**Data for processing:**
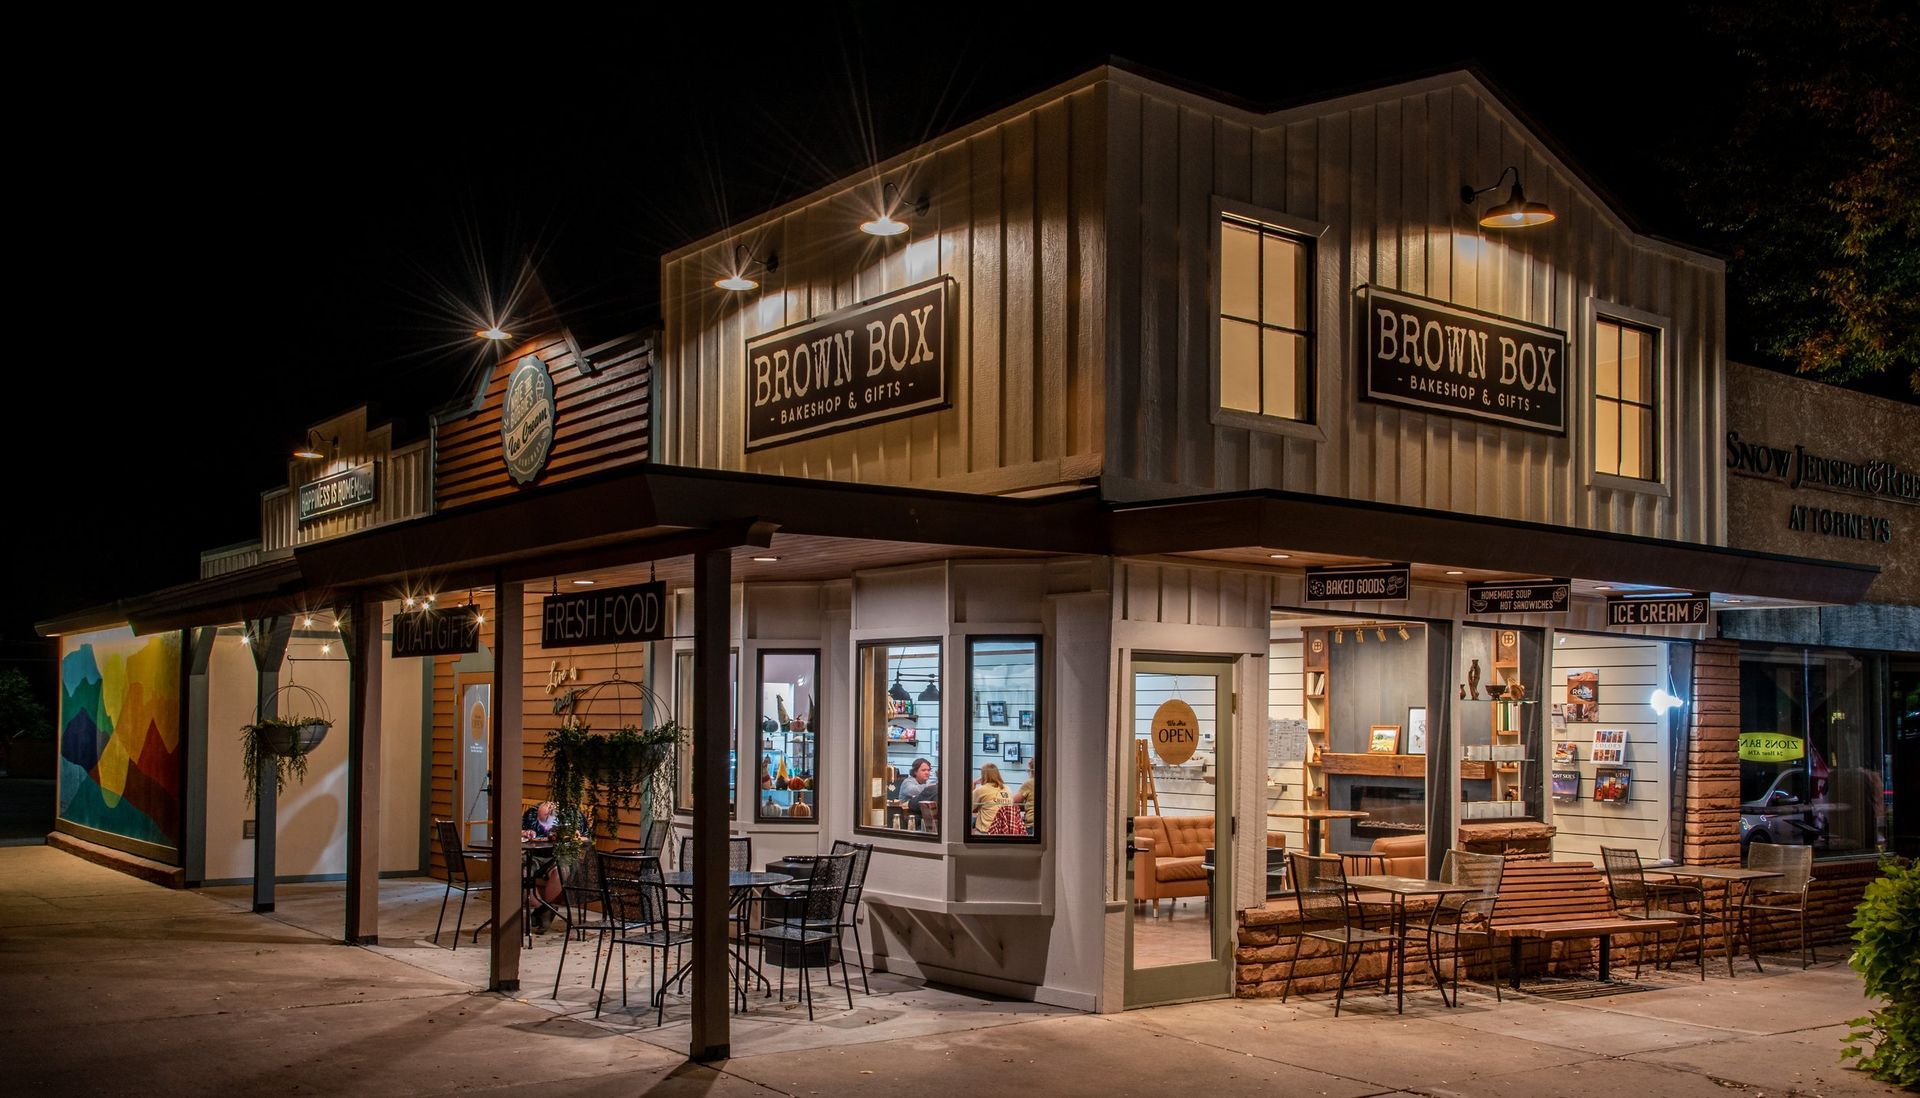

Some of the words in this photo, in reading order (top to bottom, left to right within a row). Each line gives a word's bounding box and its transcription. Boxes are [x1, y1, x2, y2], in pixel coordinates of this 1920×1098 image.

[754, 330, 854, 408] BROWN
[866, 304, 934, 378] BOX
[1377, 308, 1488, 380] BROWN
[1499, 337, 1556, 394] BOX
[781, 396, 841, 424] BAKESHOP
[848, 391, 857, 410] &
[865, 380, 901, 404] GIFTS
[1410, 375, 1475, 400] BAKESHOP
[1482, 389, 1491, 406] &
[1498, 393, 1530, 411] GIFTS
[508, 436, 520, 456] Ice
[522, 407, 548, 444] Cream
[1727, 431, 1793, 478] SNOW
[1790, 444, 1868, 491] JENSEN
[301, 482, 330, 516] HAPPINESS
[331, 482, 337, 504] IS
[1789, 504, 1893, 544] ATTORNEYS
[1326, 579, 1354, 595] BAKED
[1357, 578, 1386, 594] GOODS
[1481, 590, 1514, 600] HOMEMADE
[1515, 589, 1532, 599] SOUP
[1500, 601, 1512, 610] HOT
[1513, 599, 1553, 610] SANDWICHES
[545, 599, 598, 641] FRESH
[603, 592, 658, 636] FOOD
[1614, 604, 1635, 623] ICE
[1640, 602, 1689, 623] CREAM
[396, 615, 433, 653] UTAH
[437, 614, 474, 650] GIFTS
[545, 660, 567, 694] Live
[1158, 728, 1194, 743] OPEN
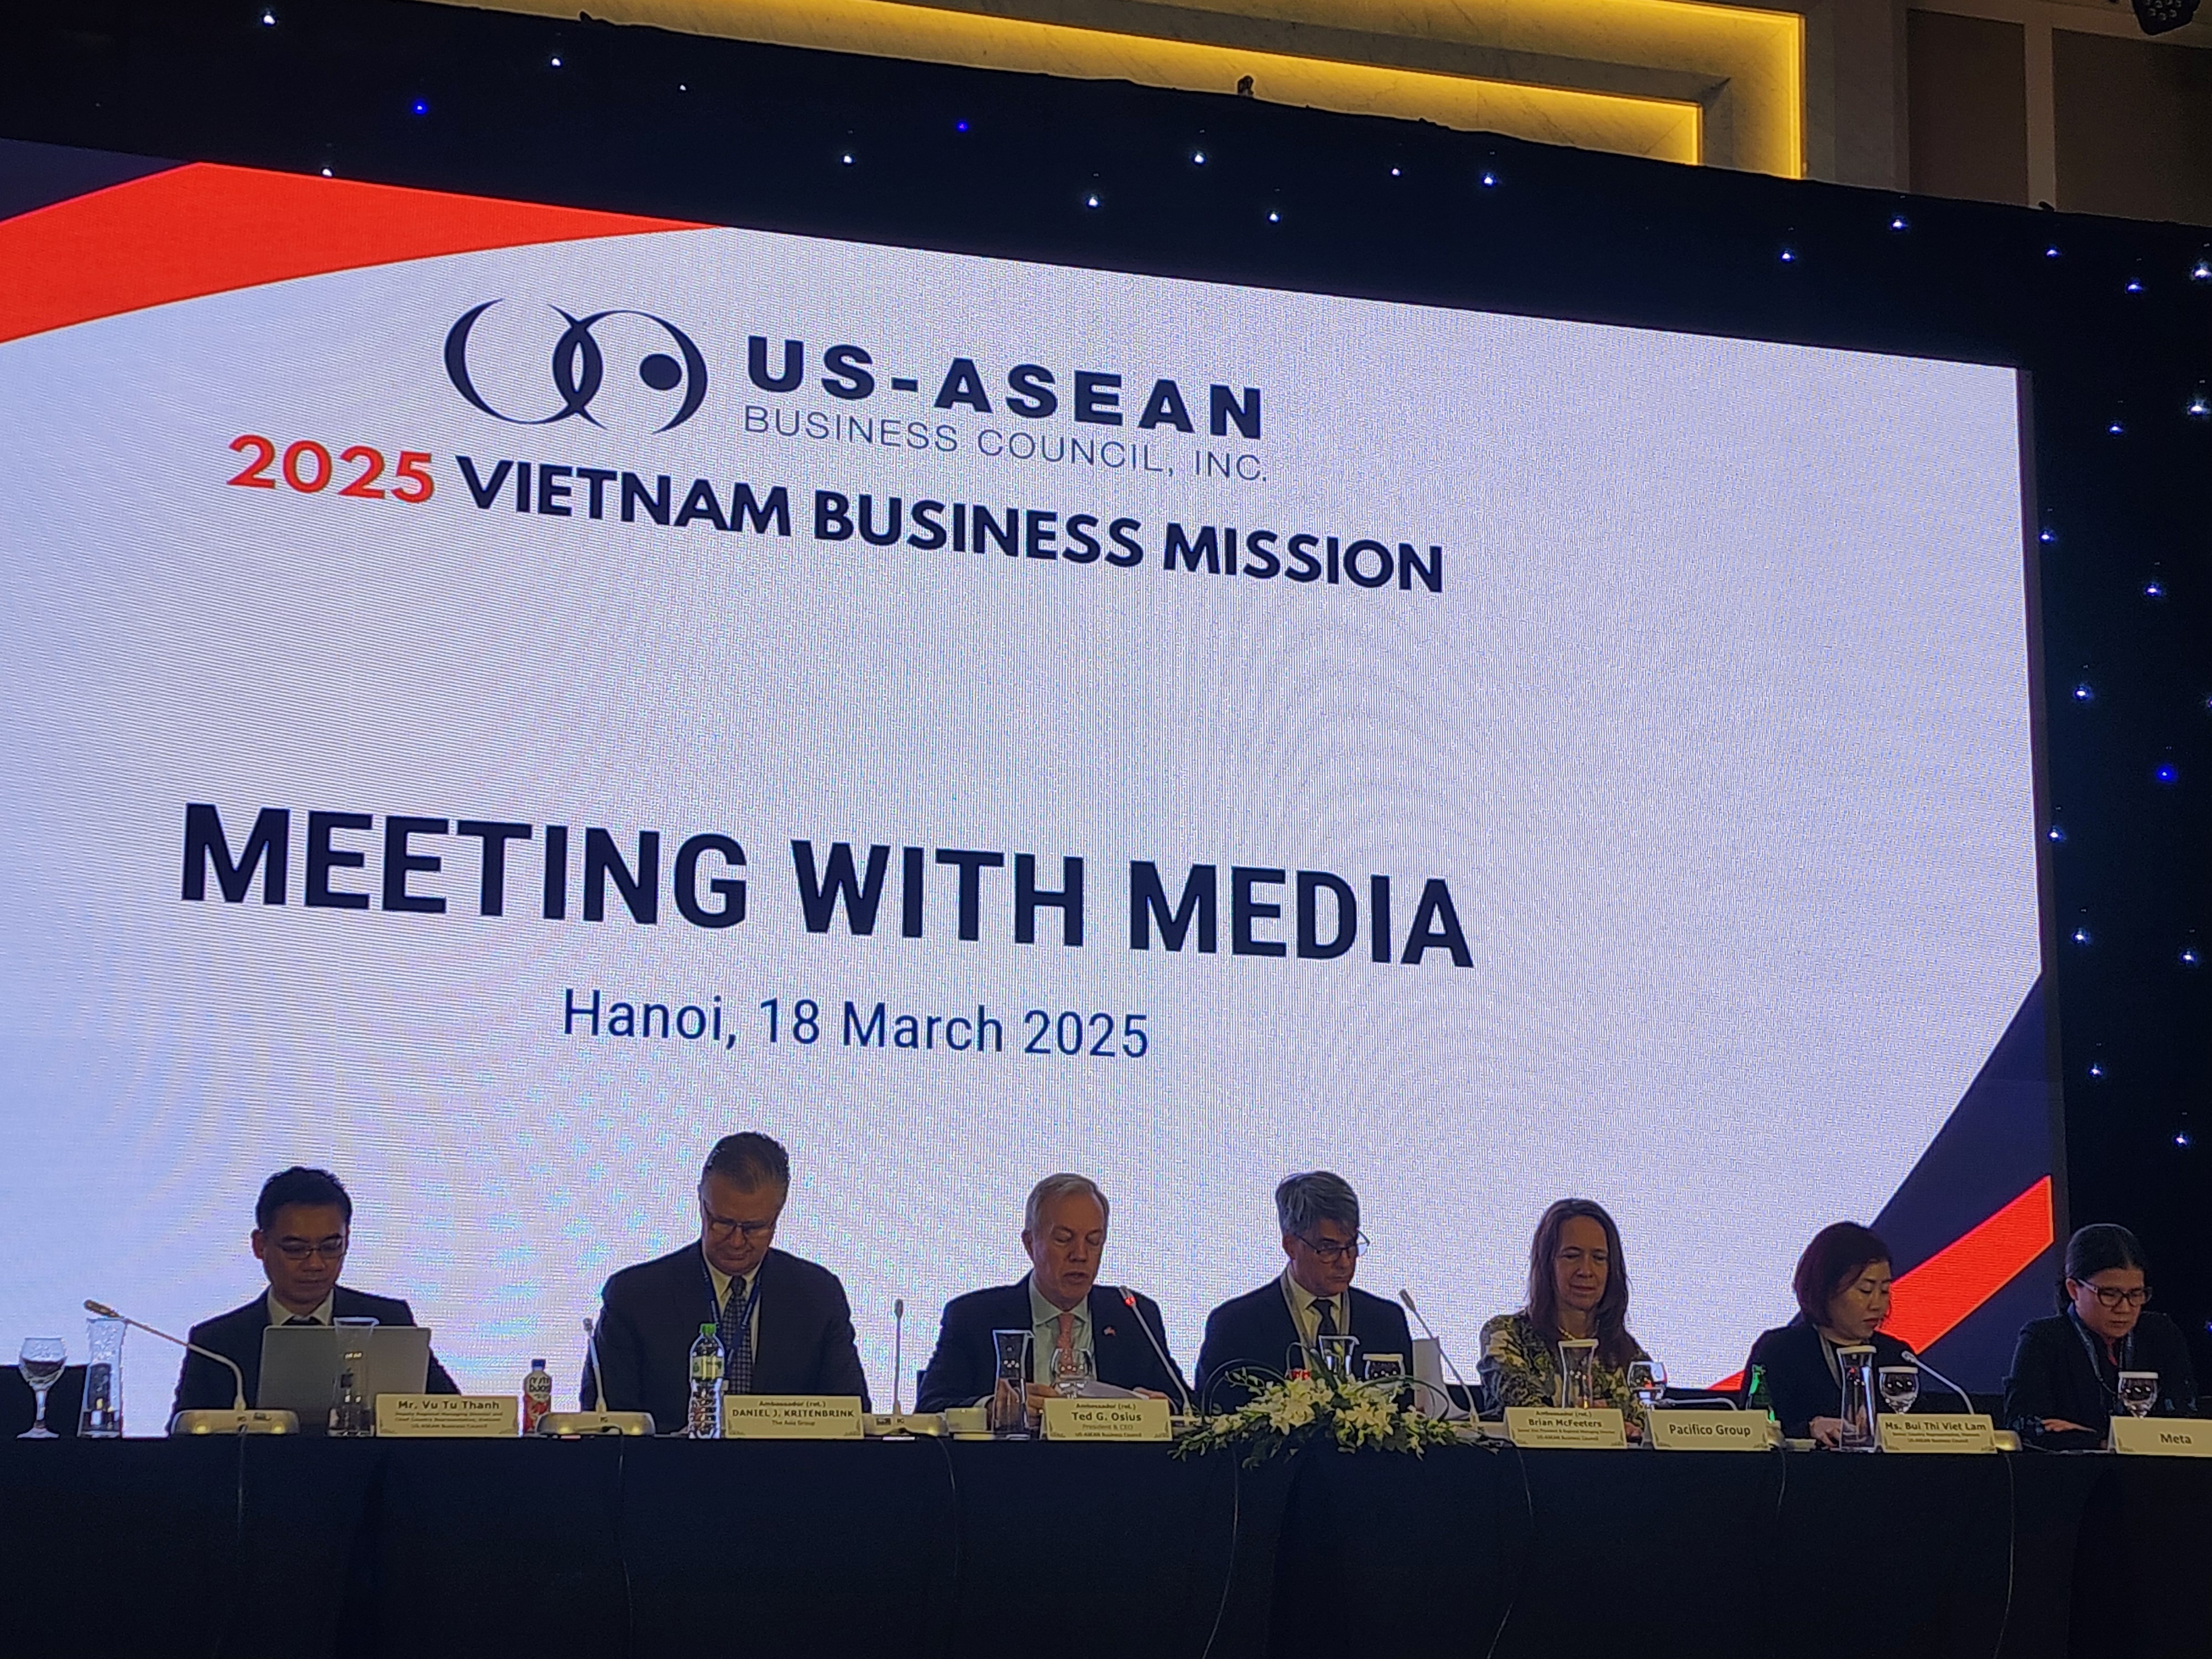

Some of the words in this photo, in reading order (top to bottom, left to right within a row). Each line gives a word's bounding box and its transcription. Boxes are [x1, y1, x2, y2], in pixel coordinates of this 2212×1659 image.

[747, 335, 1262, 440] US-ASEAN
[745, 405, 958, 452] BUSINESS
[978, 429, 1173, 476] COUNCIL,
[1195, 450, 1266, 482] INC.
[228, 435, 434, 504] 2025
[455, 455, 791, 537] VIETNAM
[814, 490, 1144, 568] BUSINESS
[1163, 523, 1443, 593] MISSION
[181, 803, 747, 929] MEETING
[791, 840, 1084, 947] WITH
[1130, 860, 1474, 968] MEDIA
[564, 988, 737, 1050] Hanoi,
[760, 998, 820, 1045] 18
[843, 1000, 1003, 1052] March
[1024, 1009, 1149, 1058] 2025
[398, 1401, 418, 1409] Mr.
[422, 1401, 438, 1409] Vu
[444, 1401, 457, 1409] Tu
[462, 1401, 499, 1409] Thanh
[1072, 1412, 1092, 1421] Ted
[1096, 1412, 1108, 1421] G.
[1112, 1412, 1142, 1421] Osius
[1556, 1419, 1602, 1427] McFeeters
[1670, 1423, 1713, 1435] Pacifico
[1716, 1425, 1751, 1437] Group
[1885, 1422, 1902, 1430] Ms.
[1905, 1422, 1921, 1430] Bui
[1925, 1422, 1939, 1431] Thi
[1942, 1422, 1963, 1431] Viet
[2160, 1433, 2192, 1444] Meta
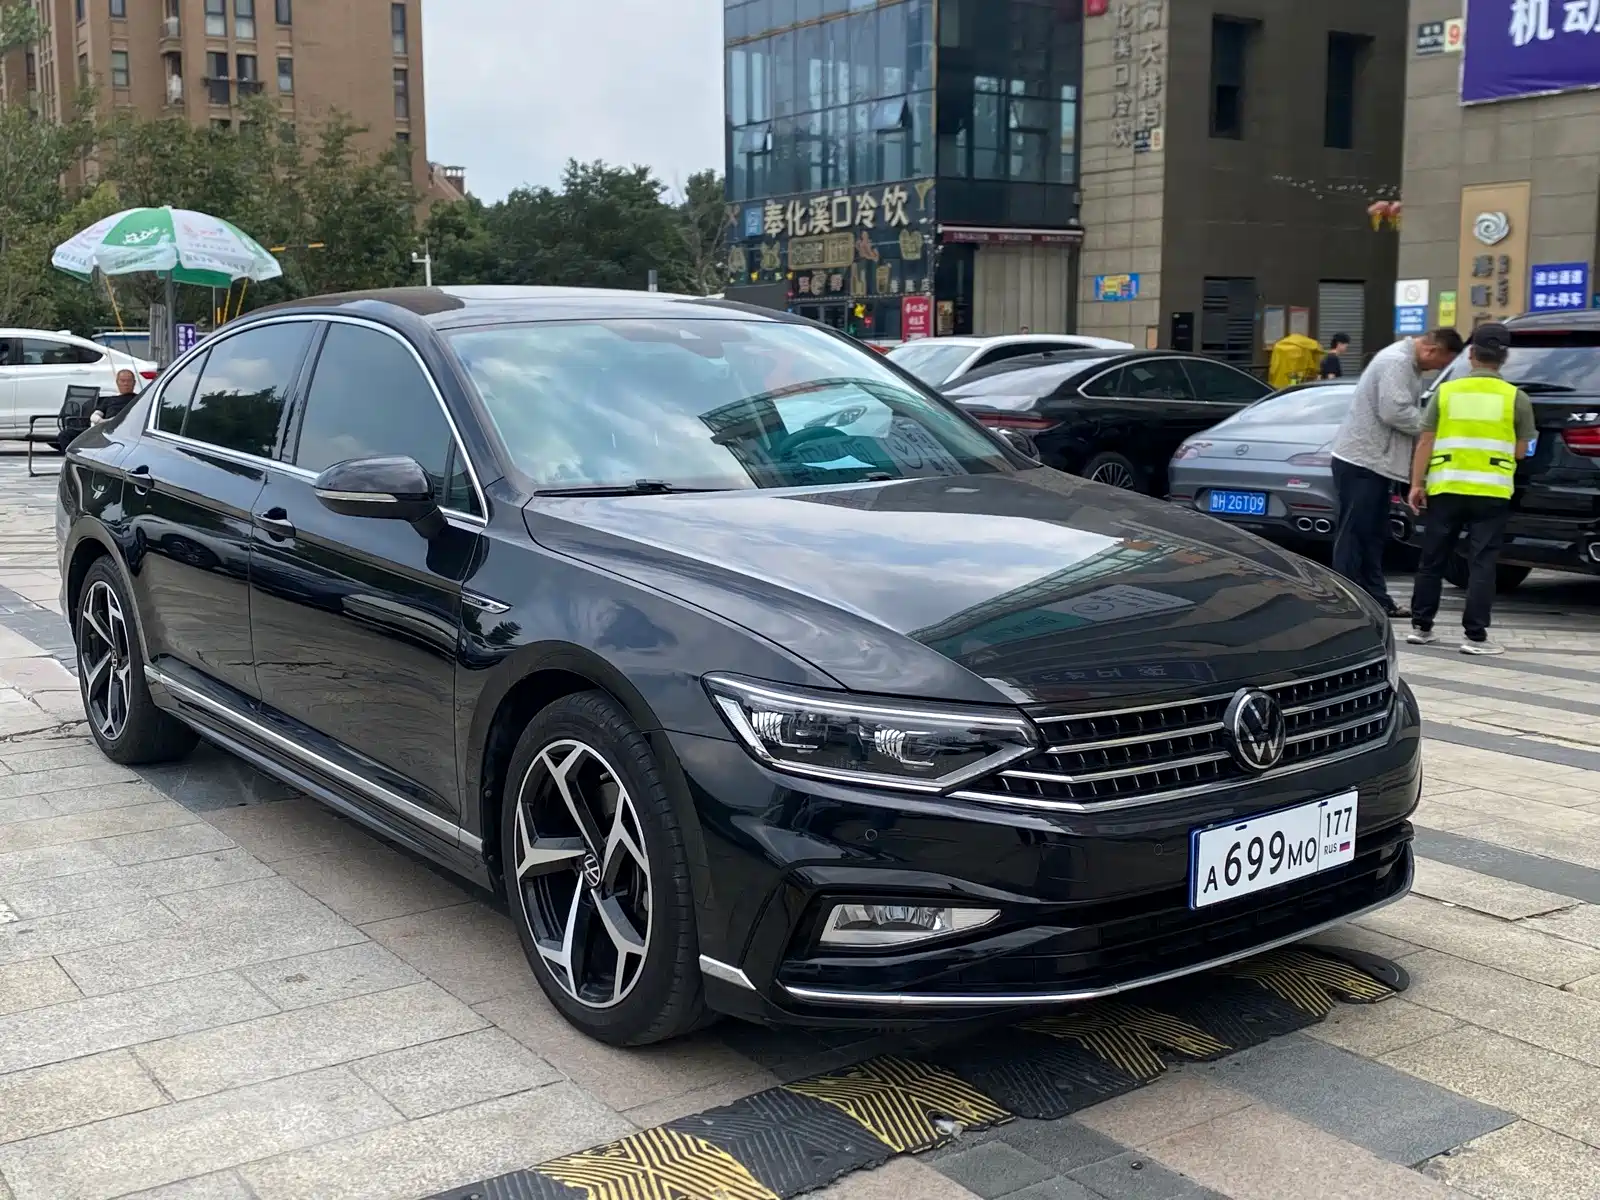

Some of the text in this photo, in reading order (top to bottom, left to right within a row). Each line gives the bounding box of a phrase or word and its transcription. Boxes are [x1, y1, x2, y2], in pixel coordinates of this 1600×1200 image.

**Assignment:** Give back every record precisely as it stands, without the images.

**Output below:**
Some of the words in this photo, in reading order (top to bottom, left to right within a row). Each line gives a word's bounding box and its transcription. Boxes are [x1, y1, x2, y2], in pixel coordinates of this 1920×1098 image.

[754, 330, 854, 408] BROWN
[866, 304, 934, 378] BOX
[1377, 308, 1488, 380] BROWN
[1499, 337, 1556, 394] BOX
[781, 396, 841, 424] BAKESHOP
[848, 391, 857, 410] &
[865, 380, 901, 404] GIFTS
[1410, 375, 1475, 400] BAKESHOP
[1482, 389, 1491, 406] &
[1498, 393, 1530, 411] GIFTS
[508, 436, 520, 456] Ice
[522, 407, 548, 444] Cream
[1727, 431, 1793, 478] SNOW
[1790, 444, 1868, 491] JENSEN
[301, 482, 330, 516] HAPPINESS
[331, 482, 337, 504] IS
[1789, 504, 1893, 544] ATTORNEYS
[1326, 579, 1354, 595] BAKED
[1357, 578, 1386, 594] GOODS
[1481, 590, 1514, 600] HOMEMADE
[1515, 589, 1532, 599] SOUP
[1500, 601, 1512, 610] HOT
[1513, 599, 1553, 610] SANDWICHES
[545, 599, 598, 641] FRESH
[603, 592, 658, 636] FOOD
[1614, 604, 1635, 623] ICE
[1640, 602, 1689, 623] CREAM
[396, 615, 433, 653] UTAH
[437, 614, 474, 650] GIFTS
[545, 660, 567, 694] Live
[1158, 728, 1194, 743] OPEN

Some of the words in this photo, in reading order (top to bottom, left to right within a row). Each line gives a word's bounding box and its transcription. Boxes are [x1, y1, x2, y2], in pixel coordinates of this 2212×1659 image.

[747, 335, 1262, 440] US-ASEAN
[745, 405, 958, 452] BUSINESS
[978, 429, 1173, 476] COUNCIL,
[1195, 450, 1266, 482] INC.
[228, 435, 434, 504] 2025
[455, 455, 791, 537] VIETNAM
[814, 490, 1144, 568] BUSINESS
[1163, 523, 1443, 593] MISSION
[181, 803, 747, 929] MEETING
[791, 840, 1084, 947] WITH
[1130, 860, 1474, 968] MEDIA
[564, 988, 737, 1050] Hanoi,
[760, 998, 820, 1045] 18
[843, 1000, 1003, 1052] March
[1024, 1009, 1149, 1058] 2025
[398, 1401, 418, 1409] Mr.
[422, 1401, 438, 1409] Vu
[444, 1401, 457, 1409] Tu
[462, 1401, 499, 1409] Thanh
[1072, 1412, 1092, 1421] Ted
[1096, 1412, 1108, 1421] G.
[1112, 1412, 1142, 1421] Osius
[1556, 1419, 1602, 1427] McFeeters
[1670, 1423, 1713, 1435] Pacifico
[1716, 1425, 1751, 1437] Group
[1885, 1422, 1902, 1430] Ms.
[1905, 1422, 1921, 1430] Bui
[1925, 1422, 1939, 1431] Thi
[1942, 1422, 1963, 1431] Viet
[2160, 1433, 2192, 1444] Meta

Some of the text in this photo, in reading order (top to bottom, left to right within a row). Each line gives the bounding box of a phrase or word and its transcription. Boxes are [x1, y1, x2, y2], in pixel coordinates of this 1600×1200 image.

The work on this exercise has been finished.